Sono ormai passati quattro anni dall’avvento della Rossa, e in giro circolano solo bimbi denutriti sporchi e stravolti, senza nessun ricordo di civiltà, alcuni organizzati in bande. Hanno disimparato a leggere, scrivere, ragionare. Vivono di caccia, baratto, lotte sanguinarie per il possesso del cibo. Tutto intorno è distruzione e morte, e di queste Ammaniti non ci cela nulla, anzi, il corpo viene mostrato con naturalezza, come con naturalezza lo vedono gli occhi dei bambini, che non hanno le nostre angosce anziane circa il sangue, l’invecchiamento, la malattia, la decomposizione. Dunque libro e film, sono interamente distopici. Ogni angolo di casa o negozio è frugato per cercare qualunque cosa possa servire ad alimentarsi, e poi vandalicamente distrutto.
Anche Anna va in giro a cacciare cibo, lasciando, per proteggerlo da pericolosi incontri, il fratellino Astor chiuso in casa. Di sera poi ritorna con ciò che è riuscita a scovare. Ma un giorno rientrando non lo trova e per cercarlo è costretta ad intraprendere un viaggio, spostandosi dal trapanese verso Palermo, Cefalù, Messina, muovendosi coraggiosamente in luoghi degli orrori, tra cadaveri, puzzo di bruciato e decomposizione.

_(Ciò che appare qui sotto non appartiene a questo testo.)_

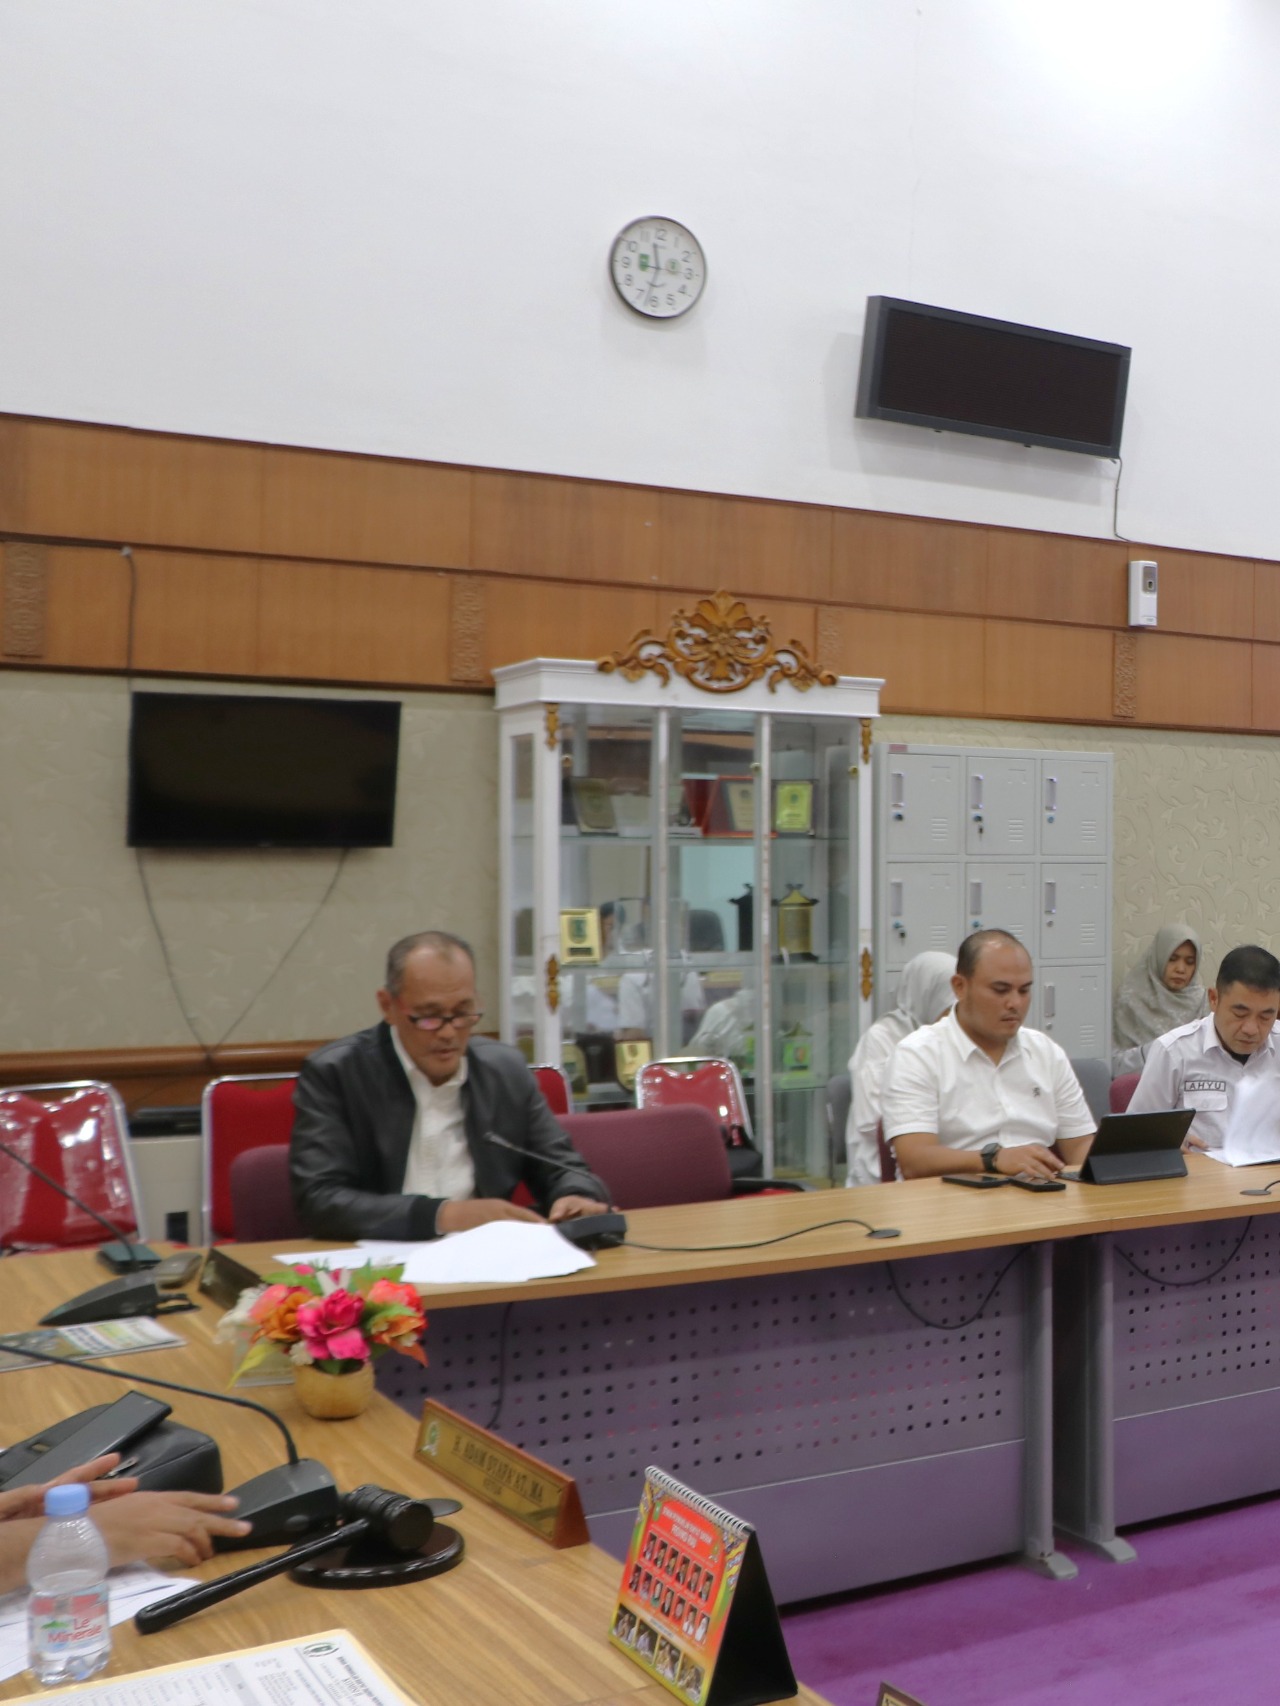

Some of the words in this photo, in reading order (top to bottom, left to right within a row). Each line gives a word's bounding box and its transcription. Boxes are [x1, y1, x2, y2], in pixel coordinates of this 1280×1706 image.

[655, 228, 667, 241] 12
[621, 256, 630, 269] 9
[681, 250, 690, 263] 2
[684, 267, 693, 280] 3
[624, 274, 633, 287] 8
[636, 287, 645, 300] 7
[666, 293, 675, 306] 5
[649, 295, 658, 308] 6
[1189, 1082, 1221, 1090] AHYU
[73, 1618, 90, 1631] Le
[47, 1624, 104, 1643] Minerale
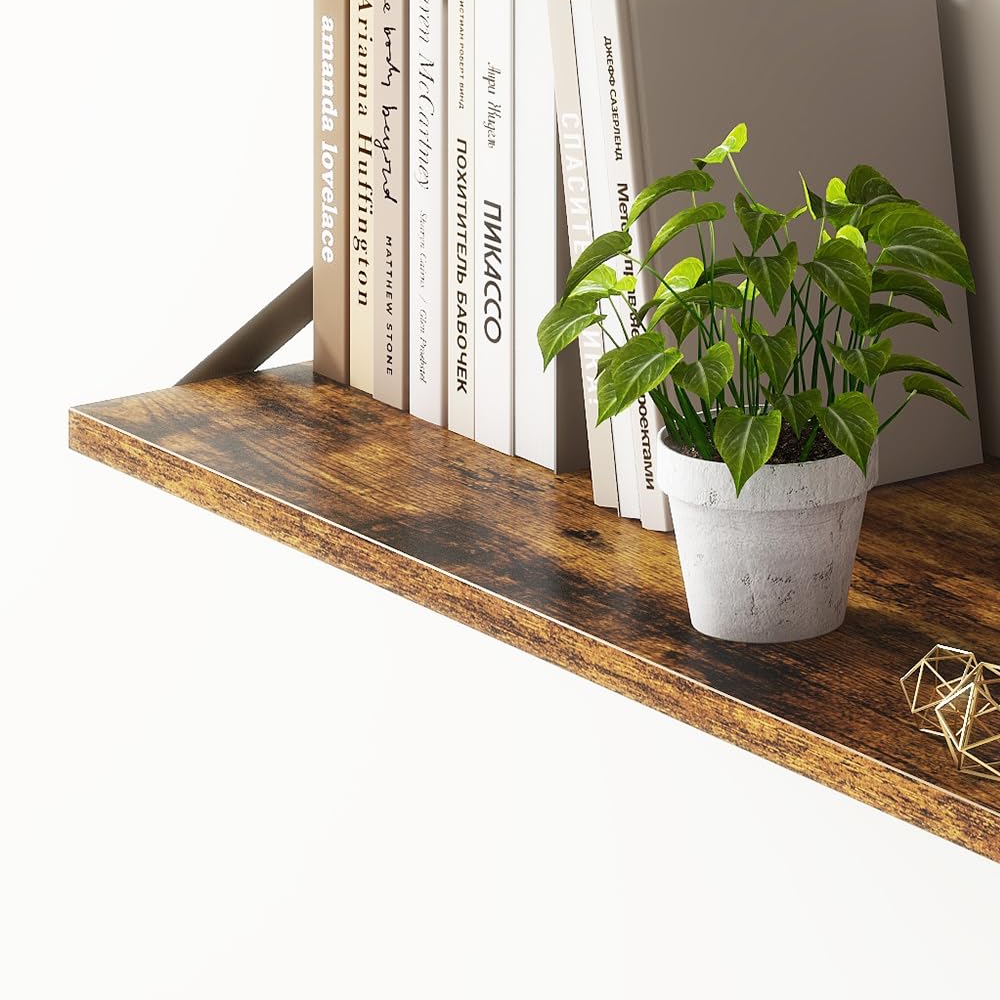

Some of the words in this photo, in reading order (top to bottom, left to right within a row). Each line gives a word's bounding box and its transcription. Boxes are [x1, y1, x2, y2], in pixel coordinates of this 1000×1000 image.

[321, 15, 338, 132] amanda
[381, 26, 400, 87] body
[603, 35, 616, 87] ДЖЕФФ
[374, 105, 398, 204] beyond
[417, 53, 435, 190] McCartney
[609, 88, 623, 161] САЗЕРЛЕНД
[321, 140, 338, 264] lovelace
[353, 132, 373, 307] Huffington
[457, 138, 467, 284] ПОХИТИТЕЛЬ
[385, 235, 393, 316] MATTHEW
[483, 199, 502, 344] ПИКАССО
[457, 290, 467, 394] БАБОЧЕК
[617, 183, 630, 233] Мето
[637, 393, 656, 491] роектами
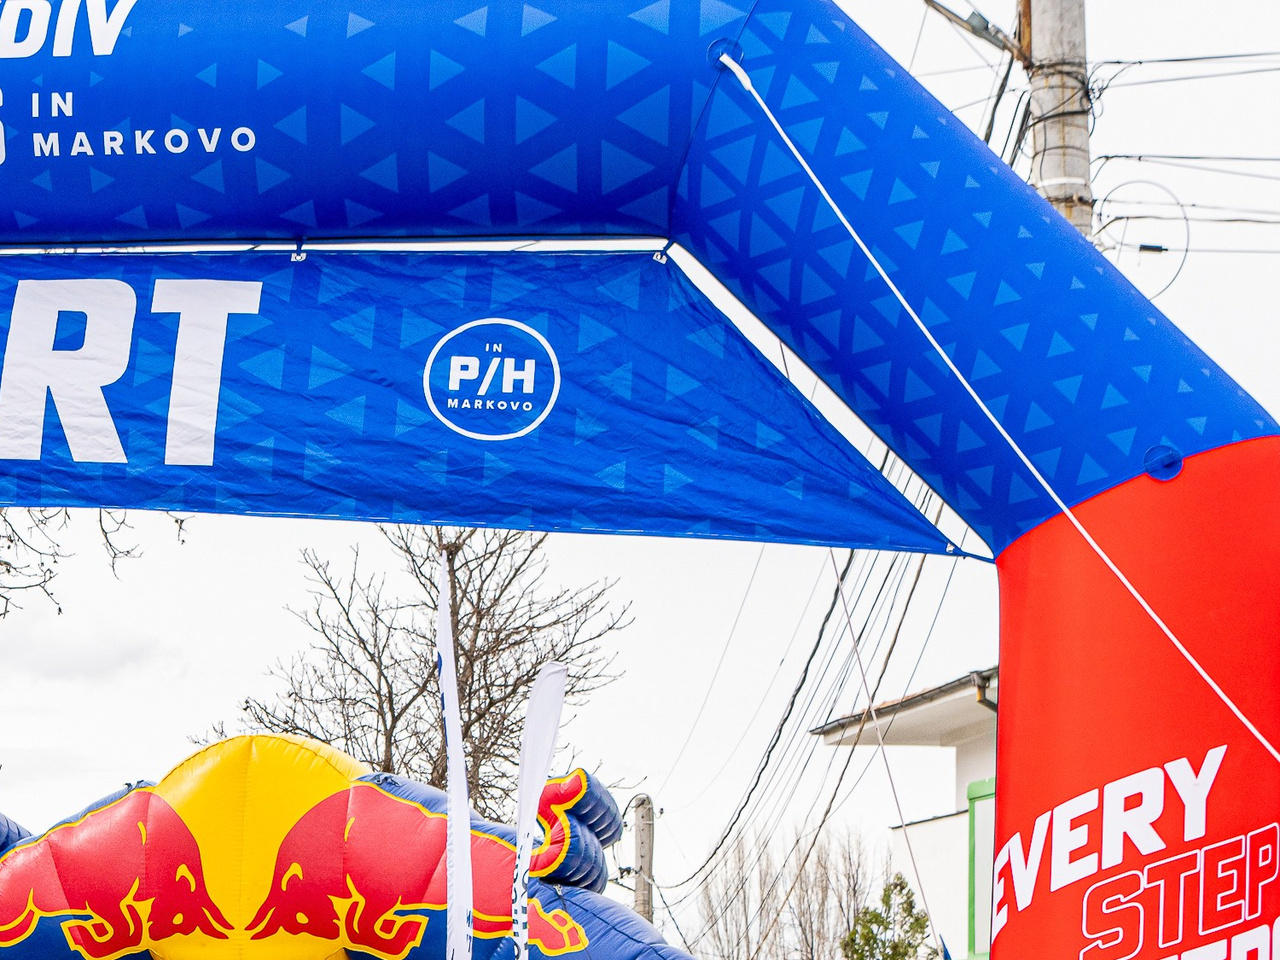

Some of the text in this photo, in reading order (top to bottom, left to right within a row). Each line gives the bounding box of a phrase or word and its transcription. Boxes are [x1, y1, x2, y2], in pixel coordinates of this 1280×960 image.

[31, 92, 74, 118] IN
[32, 127, 257, 157] MARKOVO
[485, 343, 502, 353] IN
[448, 356, 536, 396] P/H
[447, 398, 533, 412] MARKOVO
[991, 744, 1228, 945] EVERY
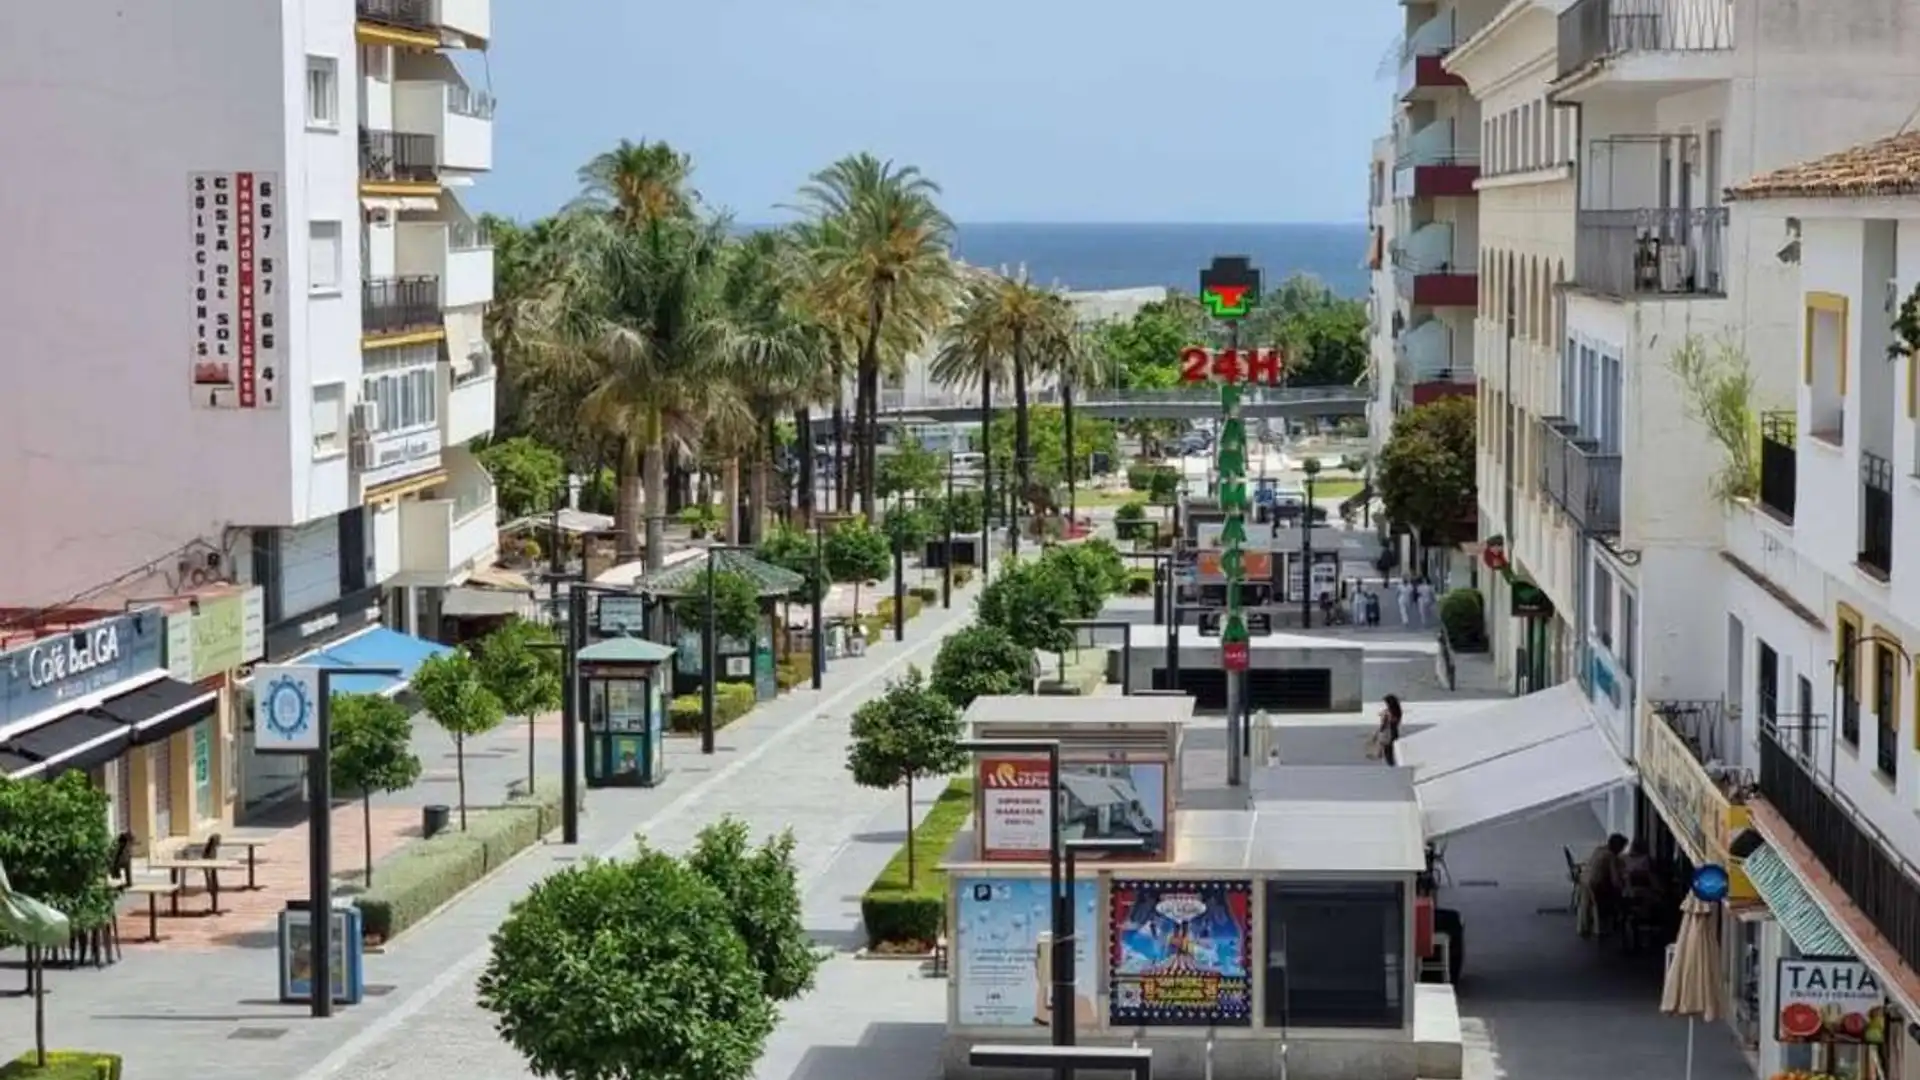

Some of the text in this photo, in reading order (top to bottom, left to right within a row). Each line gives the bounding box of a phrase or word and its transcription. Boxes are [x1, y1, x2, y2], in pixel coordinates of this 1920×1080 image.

[194, 176, 206, 355] SOLUCIONES
[215, 177, 229, 354] COSTA DEL SOL
[1180, 347, 1282, 387] 24H
[29, 645, 66, 688] Café
[1787, 965, 1877, 990] TAHA
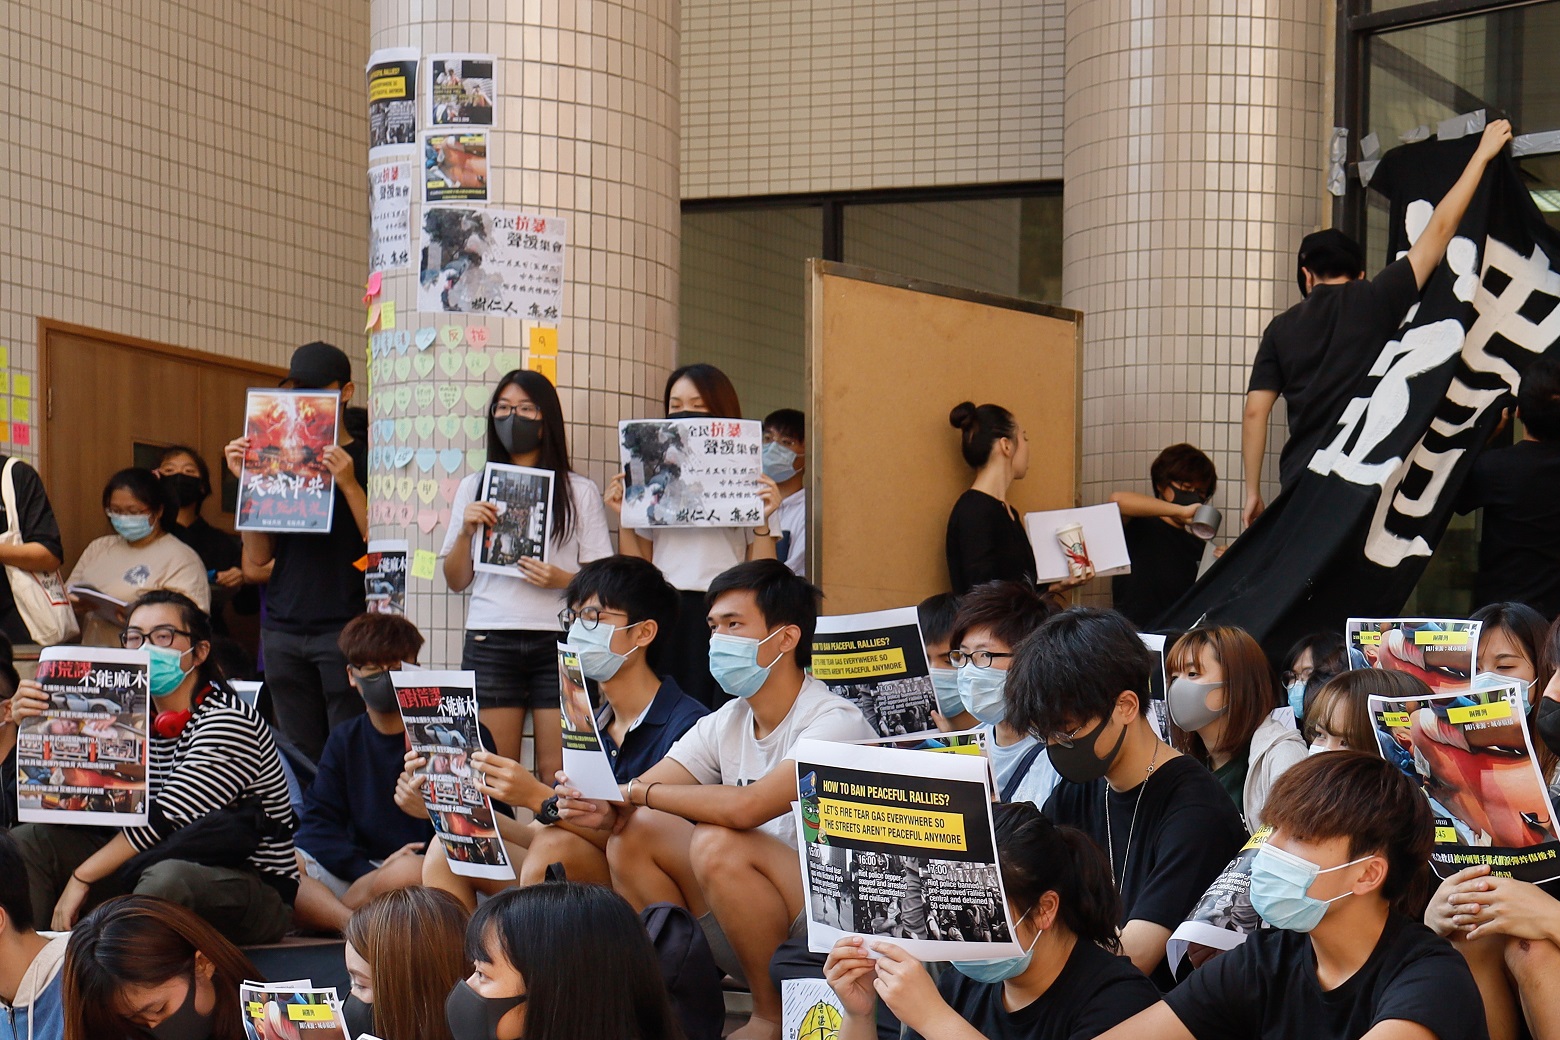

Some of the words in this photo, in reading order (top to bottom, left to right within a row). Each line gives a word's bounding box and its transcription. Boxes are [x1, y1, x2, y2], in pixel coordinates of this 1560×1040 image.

[493, 215, 546, 234] 全民抗暴
[688, 422, 741, 437] 全民抗暴
[248, 473, 324, 499] 天滅中共
[831, 641, 856, 650] PEACEFUL
[857, 637, 890, 649] RALLIES?
[843, 655, 878, 665] EVERYWHERE
[845, 666, 871, 674] PEACEFUL
[872, 662, 902, 672] ANYMORE
[78, 669, 148, 689] 不能麻木
[436, 696, 478, 718] 不能麻木
[823, 780, 838, 793] HOW
[840, 782, 849, 795] TO
[851, 784, 865, 797] BAN
[867, 786, 907, 802] PEACEFUL
[909, 791, 950, 806] RALLIES?
[823, 805, 839, 816] LET'S
[840, 807, 852, 818] FIRE
[854, 809, 869, 820] TEAR
[871, 811, 885, 822] GAS
[887, 813, 932, 828] EVERYWHERE
[935, 818, 945, 828] SO
[824, 819, 834, 830] THE
[835, 821, 861, 833] STREETS
[862, 824, 887, 837] AREN'T
[888, 828, 922, 841] PEACEFUL
[924, 832, 962, 845] ANYMORE
[858, 855, 876, 866] 16:00
[926, 864, 947, 875] 17:00
[928, 879, 939, 887] Riot
[940, 880, 957, 889] police
[928, 887, 966, 896] pre-approved
[967, 889, 985, 898] rallies
[987, 890, 992, 898] in
[929, 895, 948, 903] central
[950, 896, 960, 904] and
[961, 897, 988, 905] detained
[939, 903, 963, 911] civilians

‘La vita di Anna era la medesima che spinge uno scarafaggio a zoppicare su due zampe quando è stato calpestato…’.
La segue un cagnone che lei per paura cerca di uccidere, invece si rivelerà un amico…
Tutto quello che fa, le viene dettato dal ‘Libro delle cose importanti’, un manuale di sopravvivenza che nei mesi della malattia la madre ha scritto per loro.
Quindi un mondo consumato e sfregiato dagli adulti, che gli si rivolta contro. Eppure è un’adulta, una madre, a consegnare alla figlia femmina le indicazioni per continuare a vivere ancora.
E sia il libro che il film lasciano intendere che Anna insieme al fratello ci riuscirà. Oltre l’adolescenza, c’è un mondo che Anna scoprirà.
Per quanto riguarda l’affermazione di Leonardo Sciascia:
‘E’ necessario che riguardo al libro un film sia autonomo, sia altro… ‘ , come la mettiamo quando l’autore è lo stesso?
Nessun problema – dice Ammaniti -, ho avvertito io stesso l’esigenza che il libro fosse altro. Nel libro c’è un cane, nel film Anna perde un braccio; più numerosi i personaggi e i dettagli sulle loro storie. Un film deve aderire al libro, poi tradirlo, e così mi sono mosso. Se avessi fatto prima il film, i libri poi avrebbero dovuto essere due. In un momento folle, ho addirittura ipotizzato di riscriverlo, per fare un romanzo più corale.